On the future of architecture in the next 5-10 years
I think there are a couple of places change could come to. What’s troubling on the one hand but also necessary is the movement or drive towards sustainability as a kind of commodity – and one that has become a global narrative of the profession is becoming seen. Its not that its not important, but that as a conversation or point of emphasis it’s problematic in that it drives attention away from other modes of sustainability that we could be talking about such as cultural or disciplinary sustainability in the field. I’m not sure that that is a huge disruption but I also think that its symptomatic of the tendency to subdivide and carve out a niche, and that the further we drive issues into sub-categories within the field, the less of conversation we can collectively have.
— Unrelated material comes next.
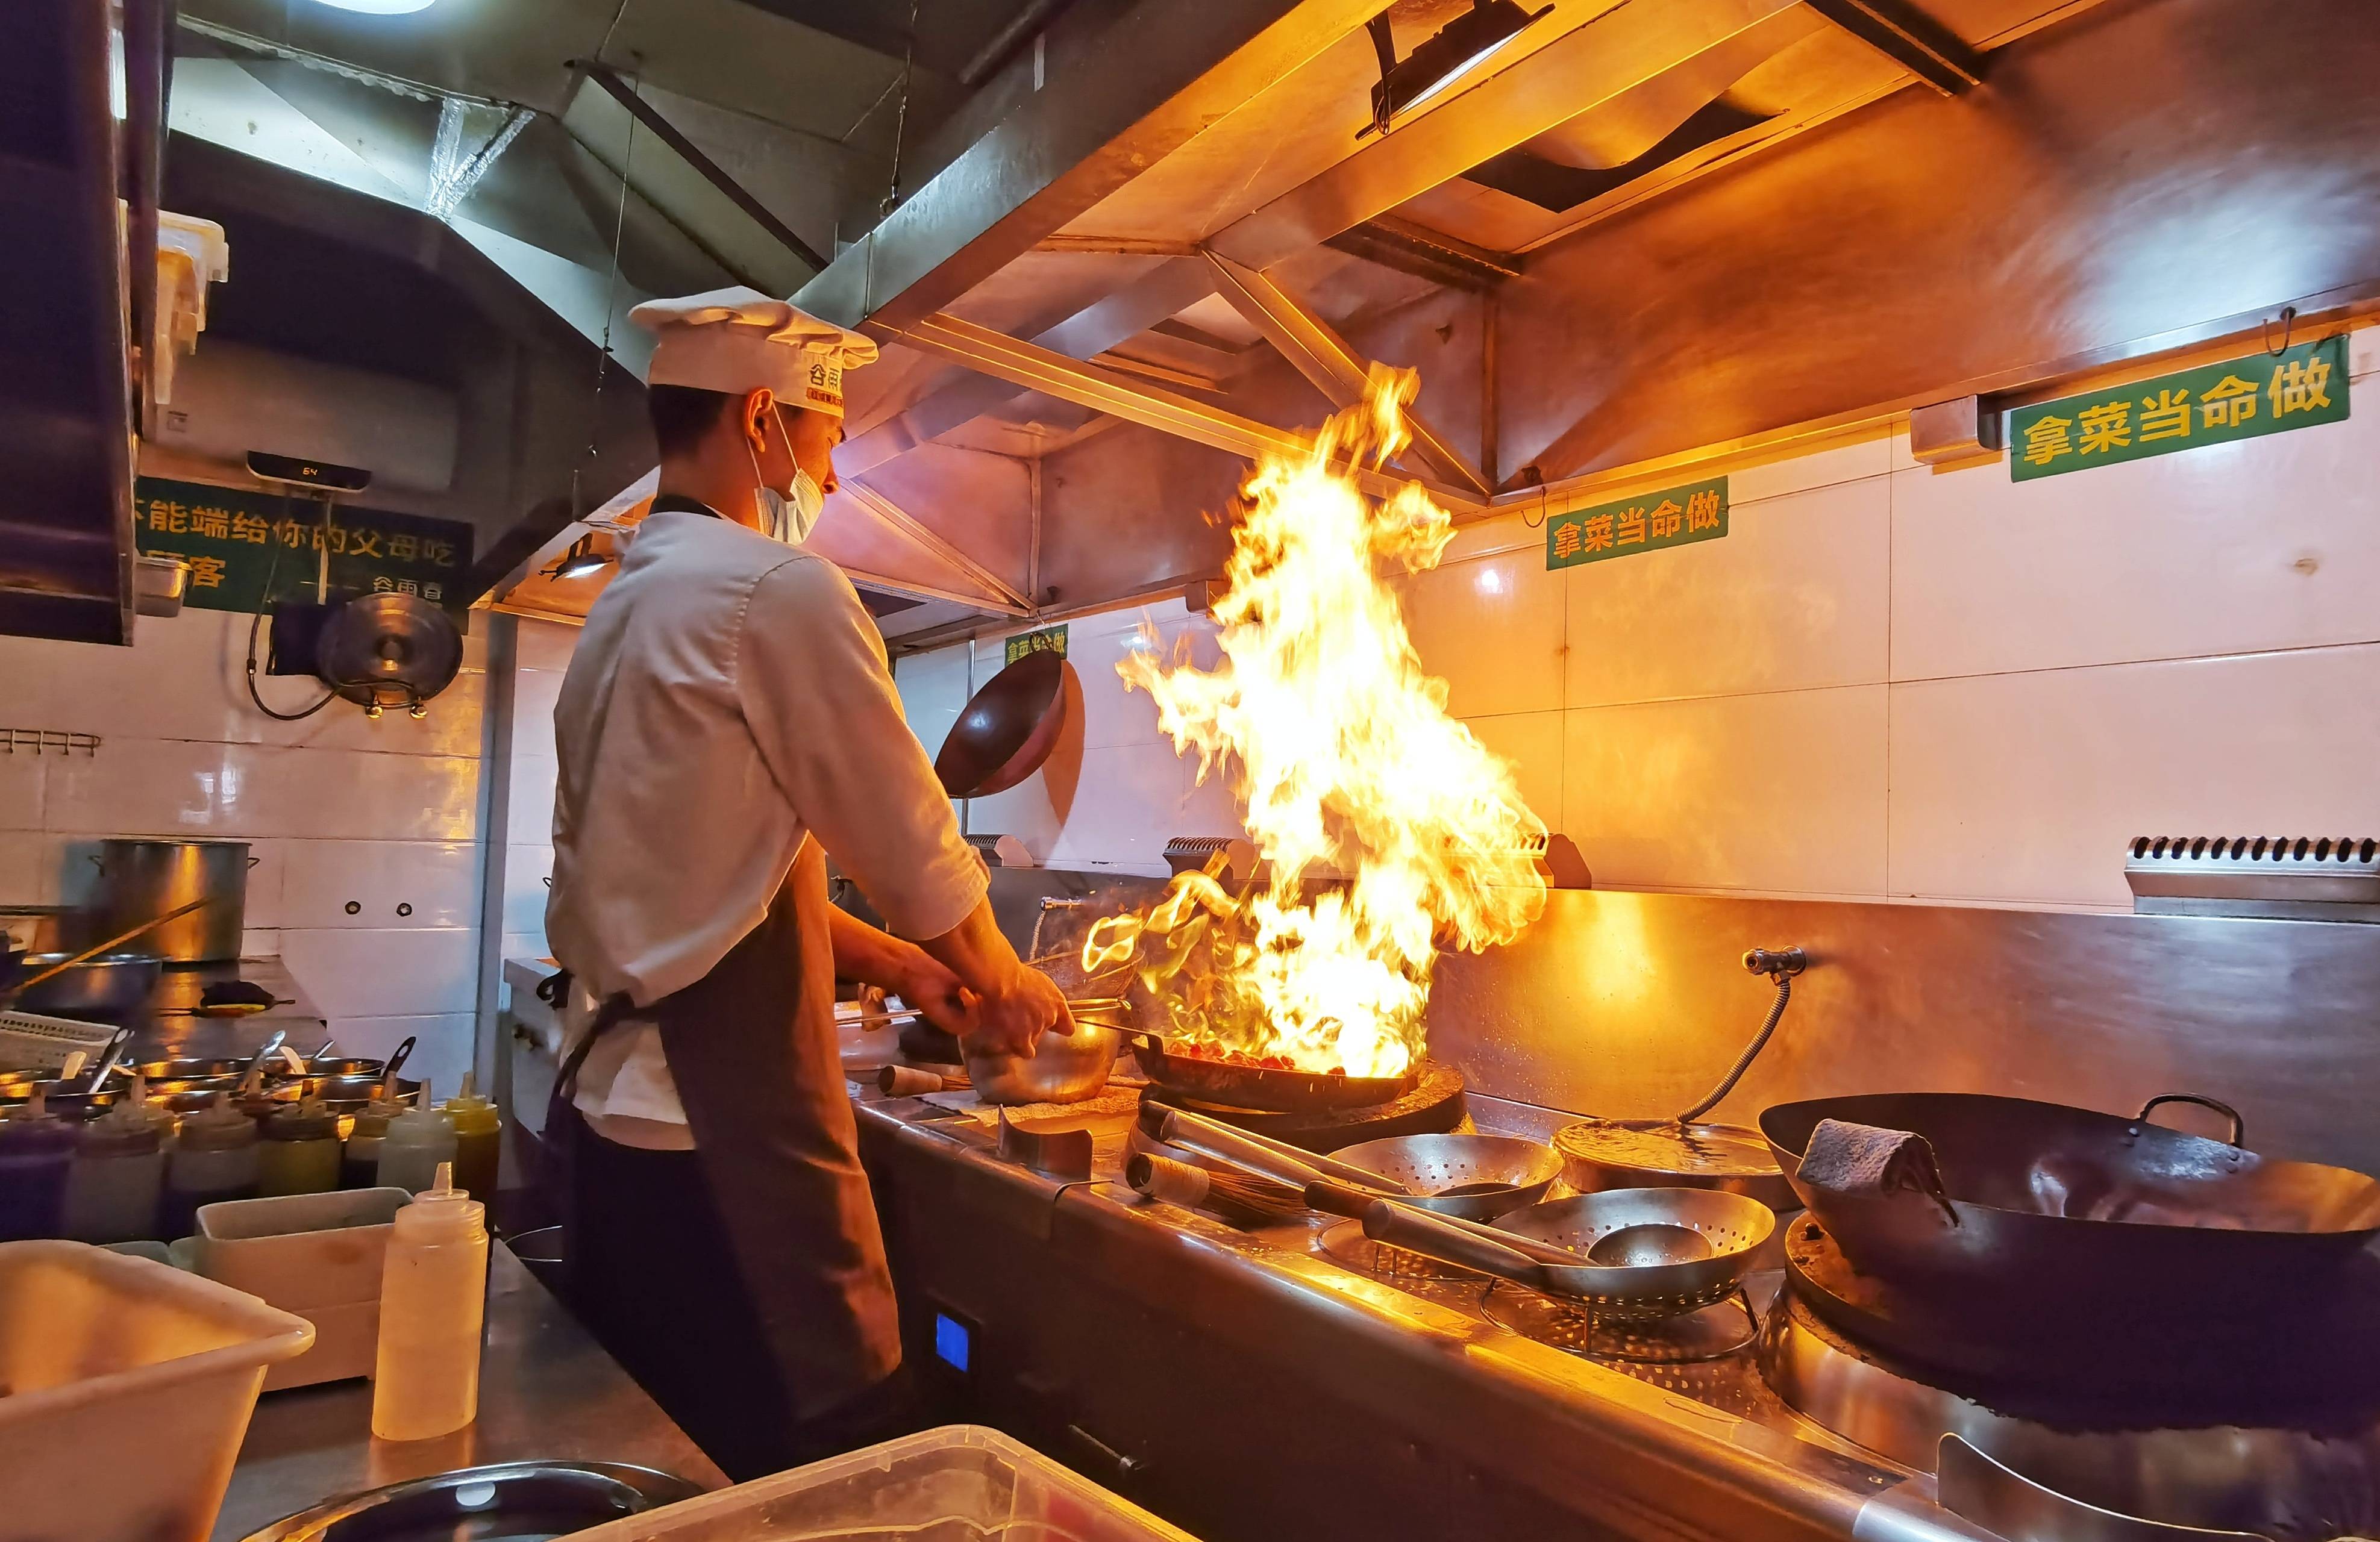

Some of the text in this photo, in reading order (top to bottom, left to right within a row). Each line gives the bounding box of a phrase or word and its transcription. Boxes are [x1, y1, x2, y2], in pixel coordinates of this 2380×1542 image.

[810, 364, 841, 391] 谷雨
[2023, 357, 2332, 466] 拿菜当命做
[1553, 489, 1720, 559] 拿菜当命做
But of course there will also always be changes in technology that shift conversations – hopefully towards architectural problems and applications – as well as seminal projects that spur new modes of attention and debate. But overall, it seems likely that the field will continue to subdivide into different expertise groups and that shared interests usually common to the field will dissipate into other fields – architecture could possibly have less and less to do with buildings, built environments, or disciplinary research.

On the future of Endemic
The goal, is to continue to build a practice concerned with buildings. The other part of that though is that I don’t want to forgo research and the academy. I think they’re very beneficial to one another. I’m currently working on a project for a full-scale dome with a non-profit with hopes of building it next year in Los Angeles if we get funding. For me that project would be a really great way forward, bridging between the last one or two years of research concerned with the typology of domes into a full-scale built work for public use. The goal of the next five years is to continue building a practice through projects while contributing to the academy through design research, education, and writing.
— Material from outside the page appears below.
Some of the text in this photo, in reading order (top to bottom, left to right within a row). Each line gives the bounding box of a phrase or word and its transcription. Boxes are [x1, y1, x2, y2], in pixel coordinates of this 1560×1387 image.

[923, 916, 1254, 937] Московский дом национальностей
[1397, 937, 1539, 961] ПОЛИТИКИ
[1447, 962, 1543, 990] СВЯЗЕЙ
On advice he would give his younger self
That’s a tough one since so much that has happened was completely unpredictable. The advice I would give though is two things. First, be scrappy. You have to be scrappy and go after things as hard as you can and realize you just don’t always win. I spent too much time in the first year or two being more scratchy than scrappy….Gotta be scrappy and then make the most of your opportunity. The second piece would be that it’s more important, especially when starting out, to design opportunities as much as you design a ‘thing’ or a competition, or whatever. If you can figure out how to design opportunities or put yourself in the right place, it can open totally unforeseen doors. I learned that after a few years, but wish I had sooner.